Moreover, their studies also showed that those who feel more connected to others, tended to have lower levels of anxiety and depression, higher self-esteem and greater empathy and trust for others.
As Helen Keller is quoted as seeing in the recent book “Deep Learning” by Michael Fullan, “Alone we can do so little; together we can do so much more’.
There is nothing we do in school that stands in isolation, and so the quality of every single relationship in the school matters. Crucially, this should also include the head’s own relationship to self and whether they are looking after themselves to a sufficient degree, so that they can create and enable positive, constructive relationships.
I certainly know from my own experience that the more I can connect with my (moral) purpose, that education is a force for good and for helping ourselves and the world get better, the more empowered, creative and alive I feel.
This, in turn is strengthened by my connectedness to others-my relationship with Governors, my relationship with the leadership team and staff, as well as groups I belong to outside of school.

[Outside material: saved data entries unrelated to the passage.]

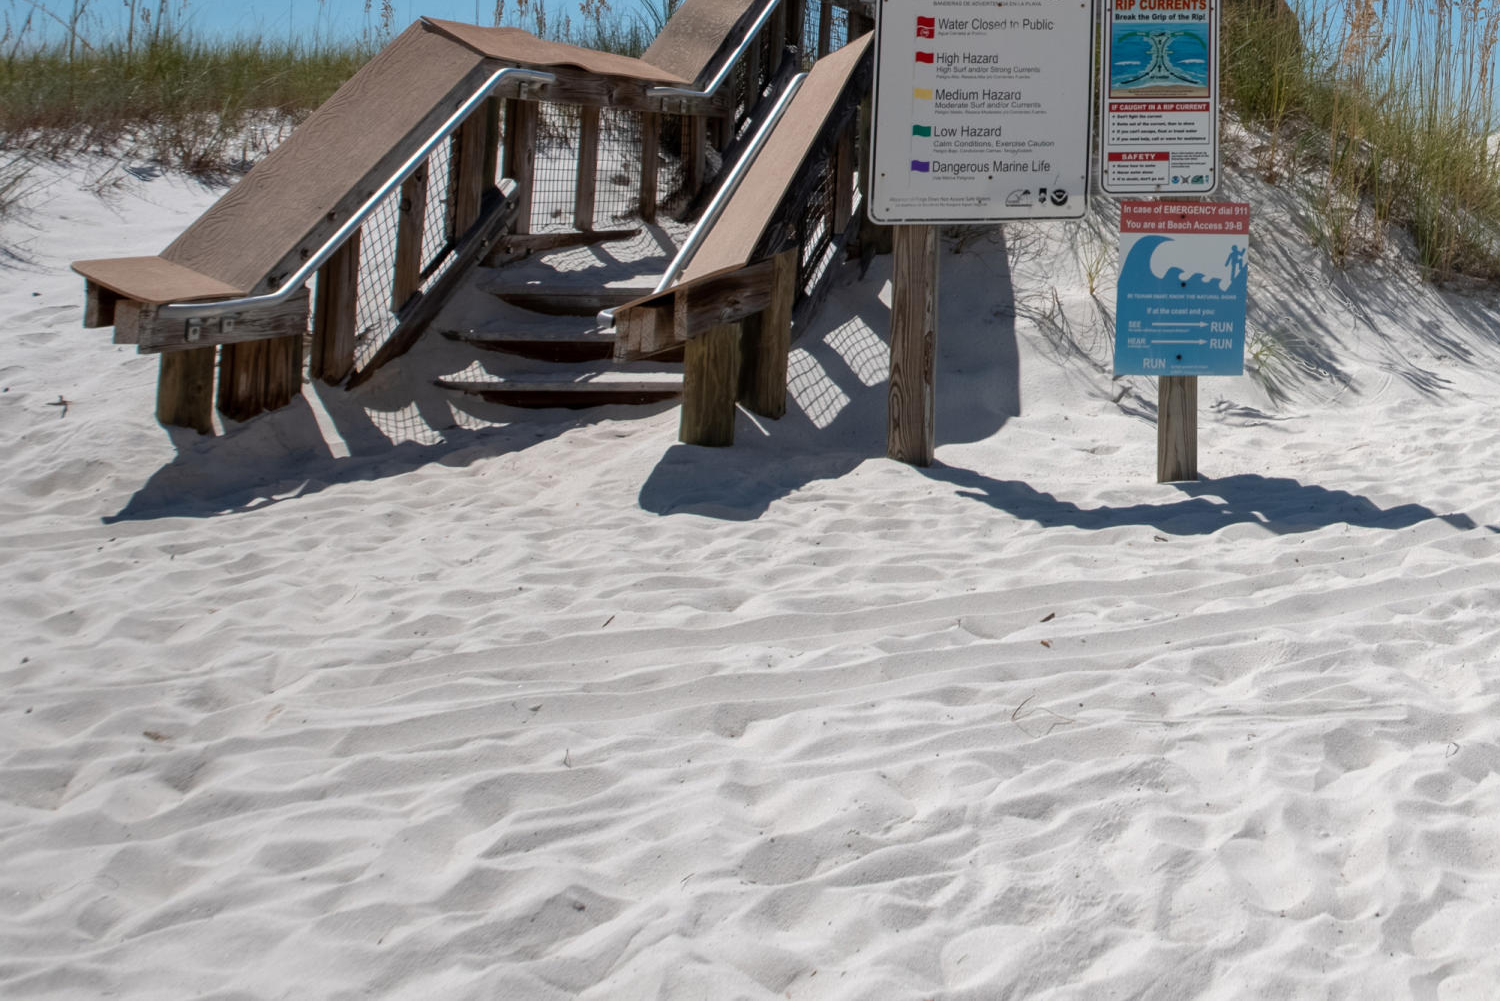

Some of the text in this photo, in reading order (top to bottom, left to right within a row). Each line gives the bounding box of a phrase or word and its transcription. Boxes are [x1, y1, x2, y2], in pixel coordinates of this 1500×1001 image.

[938, 18, 968, 30] Water
[971, 18, 1007, 30] Closed
[1023, 18, 1054, 30] Public
[936, 52, 999, 66] High Hazard
[935, 89, 1022, 100] Medium Hazard
[934, 126, 1002, 137] Low Hazard
[954, 140, 994, 148] Conditions,
[932, 160, 1050, 175] Dangerous Marine Life
[1124, 205, 1131, 214] In
[1155, 205, 1162, 214] of
[1164, 205, 1216, 215] EMERGENCY
[1218, 206, 1232, 215] dial
[1234, 206, 1248, 215] 911
[1126, 220, 1141, 229] You
[1158, 221, 1165, 229] at
[1168, 220, 1192, 229] Beach
[1194, 221, 1223, 230] Access
[1224, 221, 1242, 230] 39-B
[1211, 322, 1233, 333] RUN
[1209, 339, 1232, 349] RUN
[1143, 358, 1166, 368] RUN
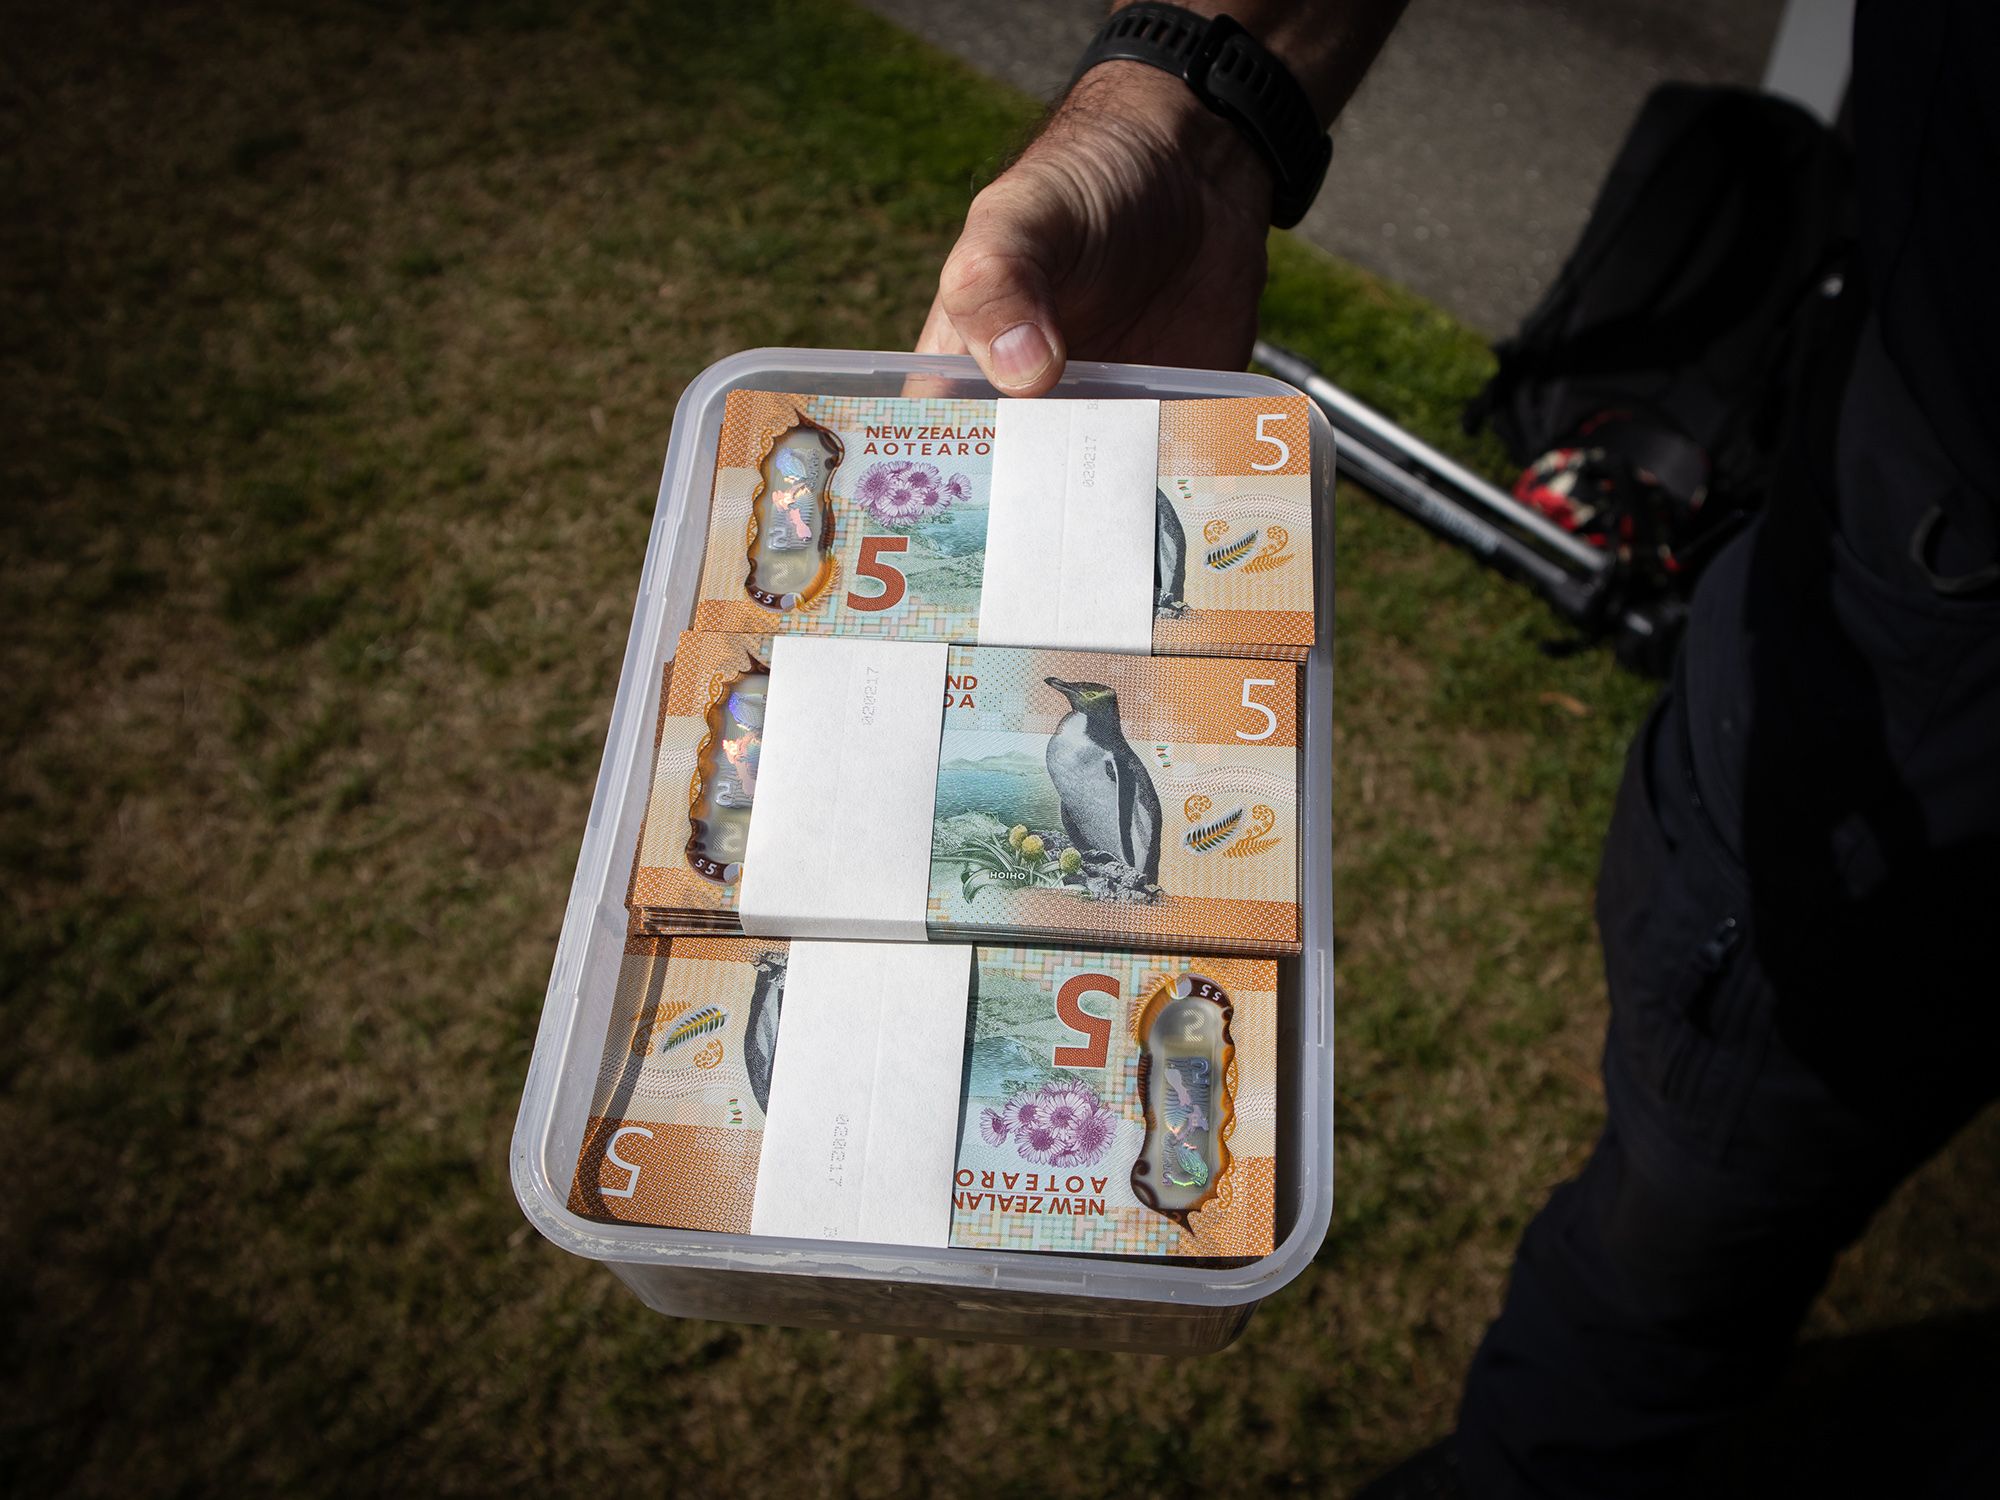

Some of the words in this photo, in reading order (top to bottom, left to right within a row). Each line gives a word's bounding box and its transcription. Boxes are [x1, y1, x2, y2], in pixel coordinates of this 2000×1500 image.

[865, 426, 912, 440] NEW
[917, 426, 995, 440] ZEALAN
[1251, 414, 1290, 471] 5
[864, 442, 991, 456] AOTEARO
[846, 536, 908, 612] 5
[1236, 678, 1277, 740] 5
[990, 871, 1026, 880] HOIHO
[1054, 973, 1121, 1069] 5
[600, 1127, 653, 1198] 5
[955, 1168, 1108, 1194] AOTEARO
[952, 1191, 1044, 1213] ZEALAN
[1048, 1196, 1106, 1216] NEW
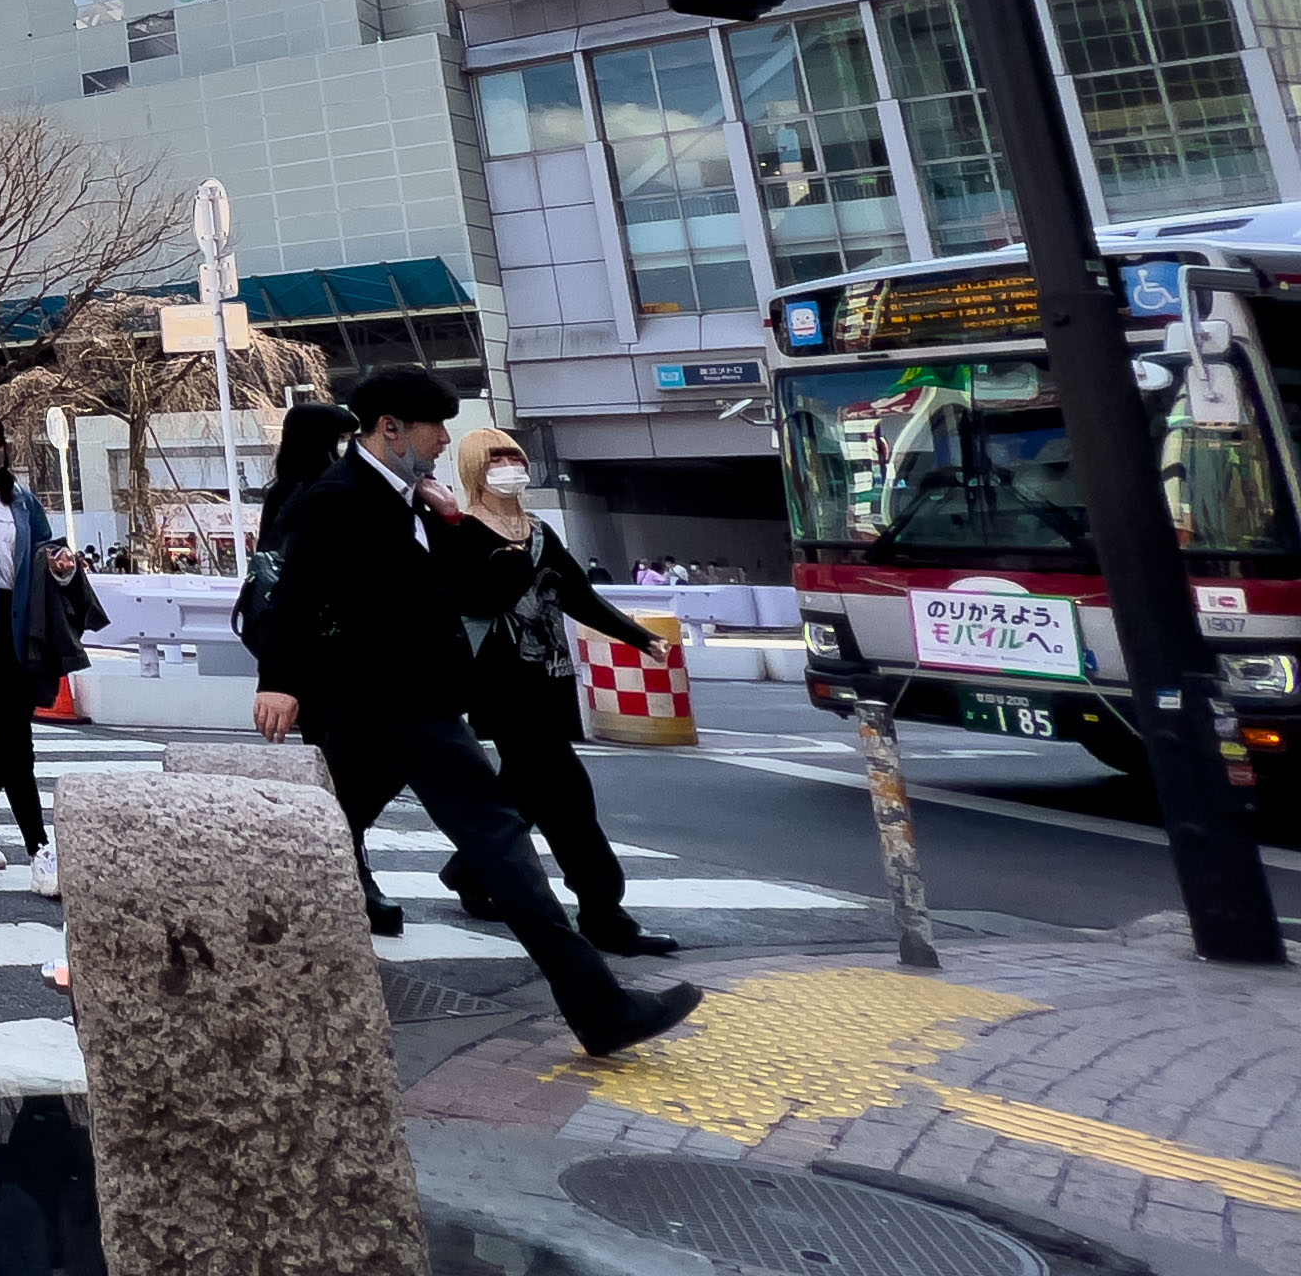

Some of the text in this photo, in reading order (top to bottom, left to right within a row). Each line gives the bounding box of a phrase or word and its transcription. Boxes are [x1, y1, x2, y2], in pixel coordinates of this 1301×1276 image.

[927, 600, 1060, 629] のりかえよう、
[931, 622, 1064, 654] モバイルへ。
[1005, 694, 1031, 707] 200
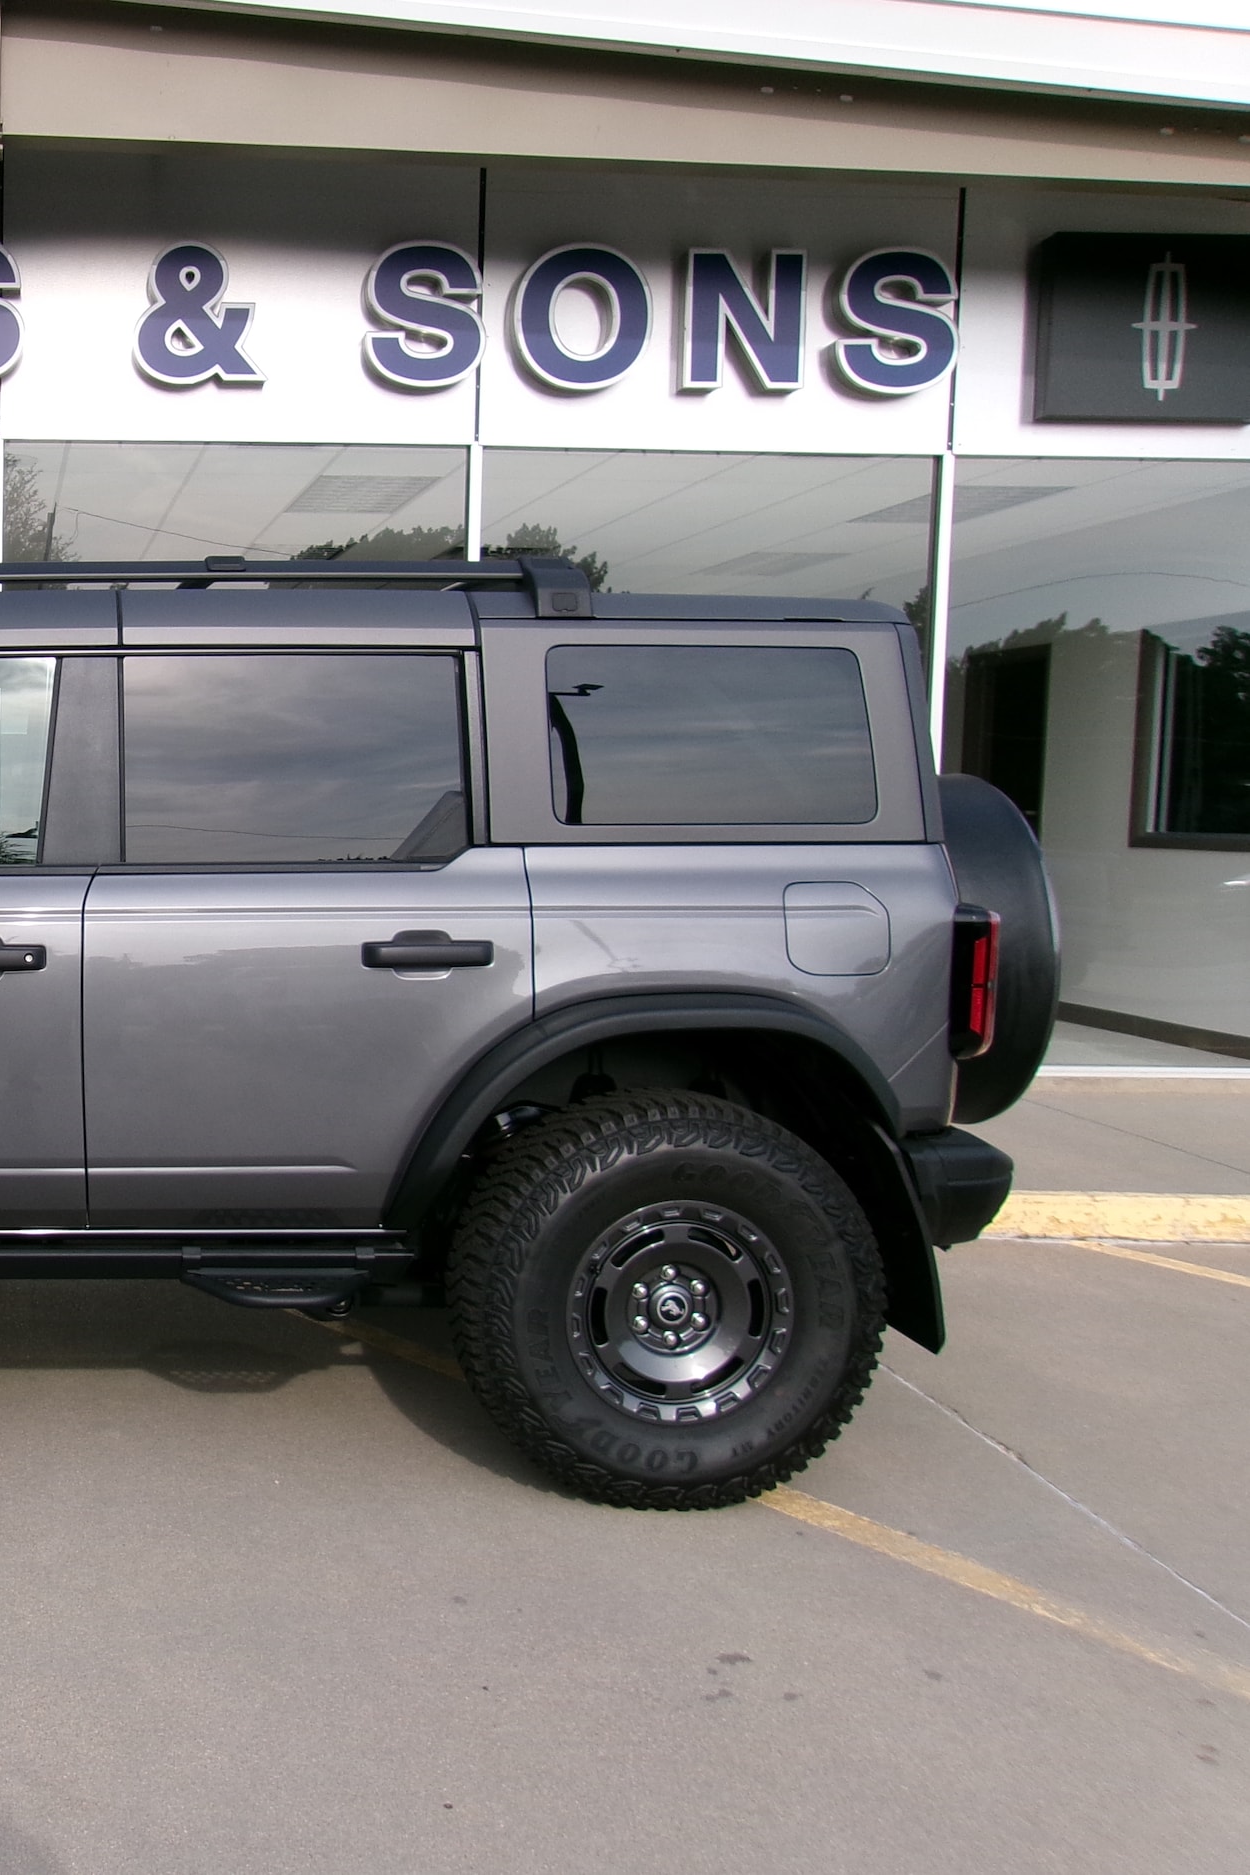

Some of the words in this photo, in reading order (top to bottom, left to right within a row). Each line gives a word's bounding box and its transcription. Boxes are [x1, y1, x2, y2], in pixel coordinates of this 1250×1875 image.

That’s why I also think programmes like Integrity Coaching’s Developing Headspace programme is so vital in helping Heads to not just rekindle their purpose, and reflect on their own contexts, but also to provide them a chance to connect with fellow heads.
A Chance to Reflect
In the frenetic life of a school leader time and space are increasingly rare commodities. With a constant flow of meetings to be held, problems to solve and fires to put out – it can be very hard for leaders to find the time and space to be still and think.
However, without this chance to stop and consider what’s working and what isn’t – many leaders find themselves repeatedly making the same mistakes or simply leading on “autopilot”.This lack of space also means many have very few avenues for exploring and talking through the emotional aspects of the role, the challenges it poses and the impact is having upon them, mentally, emotionally and physically.
In turn, this can (without doubt) increase the risk of emotional ‘burn out’. When this begins to happen, not only do we experience extreme levels of mental and emotional exhaustion that can be debilitating to our ability to lead others, our health and our overall well-being. Having been a Head myself, I know all too well what this feels like but equally what must be done to prevent it!
That’s why we’re now are offering a “Developing Headspace” Programme, consisting of a 2 Day “Transforming Leadership” Residential in Suffolk, Group Nurture Meals, coaching calls and a half day “Review and a Reflect” session, all designed to support and enhance Headteachers’ capacity for authentic, inspiring and sustainable leadership.
The programme hopes to offer a space for reflection and active, informed listening, for Heads to renew perspective, think strategically, build lasting networks of support and refresh the vitality of their core purpose.
Spread across three school terms, the programme includes a range of activities designed to provide on-going care, support and encouragement for Heads across the school year.
Above all, it is our aim to ensure that the programme supports school leaders in 5 key areas…
Vision: Central to all aspects of the programme are processes and ways of working individually and collectively that keep individuals anchored to their vision.
Values: Heads are supported to identify ways of being that increase alignment with themselves and their key values.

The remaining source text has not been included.